*** SOURCE MATERIAL ***

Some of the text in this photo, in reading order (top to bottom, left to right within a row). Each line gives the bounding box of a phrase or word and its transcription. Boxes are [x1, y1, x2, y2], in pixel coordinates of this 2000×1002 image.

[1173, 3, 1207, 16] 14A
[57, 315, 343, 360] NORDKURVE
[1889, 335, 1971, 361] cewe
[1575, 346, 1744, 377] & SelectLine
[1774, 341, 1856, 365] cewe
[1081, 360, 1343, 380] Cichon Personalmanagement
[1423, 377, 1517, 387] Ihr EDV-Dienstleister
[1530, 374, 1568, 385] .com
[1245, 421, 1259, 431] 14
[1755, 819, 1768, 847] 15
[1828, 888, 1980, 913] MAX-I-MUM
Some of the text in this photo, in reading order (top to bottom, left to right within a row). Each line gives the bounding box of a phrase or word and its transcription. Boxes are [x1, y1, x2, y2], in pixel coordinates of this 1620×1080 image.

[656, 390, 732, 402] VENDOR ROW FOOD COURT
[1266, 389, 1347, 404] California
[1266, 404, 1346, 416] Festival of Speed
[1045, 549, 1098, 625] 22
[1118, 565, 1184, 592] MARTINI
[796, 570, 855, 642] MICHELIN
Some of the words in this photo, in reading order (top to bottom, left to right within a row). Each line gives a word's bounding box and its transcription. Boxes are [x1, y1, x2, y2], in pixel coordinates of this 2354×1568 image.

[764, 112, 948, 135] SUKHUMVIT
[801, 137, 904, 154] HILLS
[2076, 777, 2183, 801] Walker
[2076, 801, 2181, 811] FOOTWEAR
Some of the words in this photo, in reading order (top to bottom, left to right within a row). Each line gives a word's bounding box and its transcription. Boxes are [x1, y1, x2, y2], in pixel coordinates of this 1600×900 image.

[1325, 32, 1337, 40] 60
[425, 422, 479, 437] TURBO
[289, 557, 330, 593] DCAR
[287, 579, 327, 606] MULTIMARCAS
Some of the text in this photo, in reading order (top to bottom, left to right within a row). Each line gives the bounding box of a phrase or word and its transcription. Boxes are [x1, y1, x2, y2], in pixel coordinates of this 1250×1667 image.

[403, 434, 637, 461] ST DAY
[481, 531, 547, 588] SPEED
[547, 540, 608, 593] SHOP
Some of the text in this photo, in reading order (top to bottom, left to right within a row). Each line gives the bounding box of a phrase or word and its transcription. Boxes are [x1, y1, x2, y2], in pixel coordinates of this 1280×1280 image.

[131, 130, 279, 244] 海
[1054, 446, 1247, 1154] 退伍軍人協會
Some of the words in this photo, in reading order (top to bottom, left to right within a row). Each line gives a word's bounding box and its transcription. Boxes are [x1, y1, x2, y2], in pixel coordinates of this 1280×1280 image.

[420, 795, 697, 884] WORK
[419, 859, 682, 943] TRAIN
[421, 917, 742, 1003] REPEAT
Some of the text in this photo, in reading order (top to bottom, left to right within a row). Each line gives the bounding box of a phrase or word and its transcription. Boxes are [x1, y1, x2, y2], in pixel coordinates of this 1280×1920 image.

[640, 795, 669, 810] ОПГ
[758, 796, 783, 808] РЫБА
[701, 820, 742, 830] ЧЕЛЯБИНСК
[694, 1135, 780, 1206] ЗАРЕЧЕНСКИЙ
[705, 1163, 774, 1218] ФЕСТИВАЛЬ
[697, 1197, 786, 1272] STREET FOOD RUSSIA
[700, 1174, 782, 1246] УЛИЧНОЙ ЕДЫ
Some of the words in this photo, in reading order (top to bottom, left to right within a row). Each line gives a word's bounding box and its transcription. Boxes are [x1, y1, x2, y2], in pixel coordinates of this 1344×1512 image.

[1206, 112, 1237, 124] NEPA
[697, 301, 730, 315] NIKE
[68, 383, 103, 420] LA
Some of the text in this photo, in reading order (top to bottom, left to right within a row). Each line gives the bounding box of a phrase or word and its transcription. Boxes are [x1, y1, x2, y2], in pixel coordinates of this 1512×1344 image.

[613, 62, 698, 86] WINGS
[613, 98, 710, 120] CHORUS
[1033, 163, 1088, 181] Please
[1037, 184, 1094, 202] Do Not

*** End of SOURCE MATERIAL ***

▶ **PROBLEM STATEMENT**:
Hand back the whole listing, exactly as it is.

▶ **EXERCISE RESULT**:
Some of the text in this photo, in reading order (top to bottom, left to right within a row). Each line gives the bounding box of a phrase or word and its transcription. Boxes are [x1, y1, x2, y2], in pixel coordinates of this 2000×1002 image.

[1173, 3, 1207, 16] 14A
[57, 315, 343, 360] NORDKURVE
[1889, 335, 1971, 361] cewe
[1575, 346, 1744, 377] & SelectLine
[1774, 341, 1856, 365] cewe
[1081, 360, 1343, 380] Cichon Personalmanagement
[1423, 377, 1517, 387] Ihr EDV-Dienstleister
[1530, 374, 1568, 385] .com
[1245, 421, 1259, 431] 14
[1755, 819, 1768, 847] 15
[1828, 888, 1980, 913] MAX-I-MUM
Some of the text in this photo, in reading order (top to bottom, left to right within a row). Each line gives the bounding box of a phrase or word and its transcription. Boxes are [x1, y1, x2, y2], in pixel coordinates of this 1620×1080 image.

[656, 390, 732, 402] VENDOR ROW FOOD COURT
[1266, 389, 1347, 404] California
[1266, 404, 1346, 416] Festival of Speed
[1045, 549, 1098, 625] 22
[1118, 565, 1184, 592] MARTINI
[796, 570, 855, 642] MICHELIN
Some of the words in this photo, in reading order (top to bottom, left to right within a row). Each line gives a word's bounding box and its transcription. Boxes are [x1, y1, x2, y2], in pixel coordinates of this 2354×1568 image.

[764, 112, 948, 135] SUKHUMVIT
[801, 137, 904, 154] HILLS
[2076, 777, 2183, 801] Walker
[2076, 801, 2181, 811] FOOTWEAR
Some of the words in this photo, in reading order (top to bottom, left to right within a row). Each line gives a word's bounding box and its transcription. Boxes are [x1, y1, x2, y2], in pixel coordinates of this 1600×900 image.

[1325, 32, 1337, 40] 60
[425, 422, 479, 437] TURBO
[289, 557, 330, 593] DCAR
[287, 579, 327, 606] MULTIMARCAS
Some of the text in this photo, in reading order (top to bottom, left to right within a row). Each line gives the bounding box of a phrase or word and its transcription. Boxes are [x1, y1, x2, y2], in pixel coordinates of this 1250×1667 image.

[403, 434, 637, 461] ST DAY
[481, 531, 547, 588] SPEED
[547, 540, 608, 593] SHOP
Some of the text in this photo, in reading order (top to bottom, left to right within a row). Each line gives the bounding box of a phrase or word and its transcription. Boxes are [x1, y1, x2, y2], in pixel coordinates of this 1280×1280 image.

[131, 130, 279, 244] 海
[1054, 446, 1247, 1154] 退伍軍人協會
Some of the words in this photo, in reading order (top to bottom, left to right within a row). Each line gives a word's bounding box and its transcription. Boxes are [x1, y1, x2, y2], in pixel coordinates of this 1280×1280 image.

[420, 795, 697, 884] WORK
[419, 859, 682, 943] TRAIN
[421, 917, 742, 1003] REPEAT
Some of the text in this photo, in reading order (top to bottom, left to right within a row). Each line gives the bounding box of a phrase or word and its transcription. Boxes are [x1, y1, x2, y2], in pixel coordinates of this 1280×1920 image.

[640, 795, 669, 810] ОПГ
[758, 796, 783, 808] РЫБА
[701, 820, 742, 830] ЧЕЛЯБИНСК
[694, 1135, 780, 1206] ЗАРЕЧЕНСКИЙ
[705, 1163, 774, 1218] ФЕСТИВАЛЬ
[697, 1197, 786, 1272] STREET FOOD RUSSIA
[700, 1174, 782, 1246] УЛИЧНОЙ ЕДЫ
Some of the words in this photo, in reading order (top to bottom, left to right within a row). Each line gives a word's bounding box and its transcription. Boxes are [x1, y1, x2, y2], in pixel coordinates of this 1344×1512 image.

[1206, 112, 1237, 124] NEPA
[697, 301, 730, 315] NIKE
[68, 383, 103, 420] LA
Some of the text in this photo, in reading order (top to bottom, left to right within a row). Each line gives the bounding box of a phrase or word and its transcription. Boxes are [x1, y1, x2, y2], in pixel coordinates of this 1512×1344 image.

[613, 62, 698, 86] WINGS
[613, 98, 710, 120] CHORUS
[1033, 163, 1088, 181] Please
[1037, 184, 1094, 202] Do Not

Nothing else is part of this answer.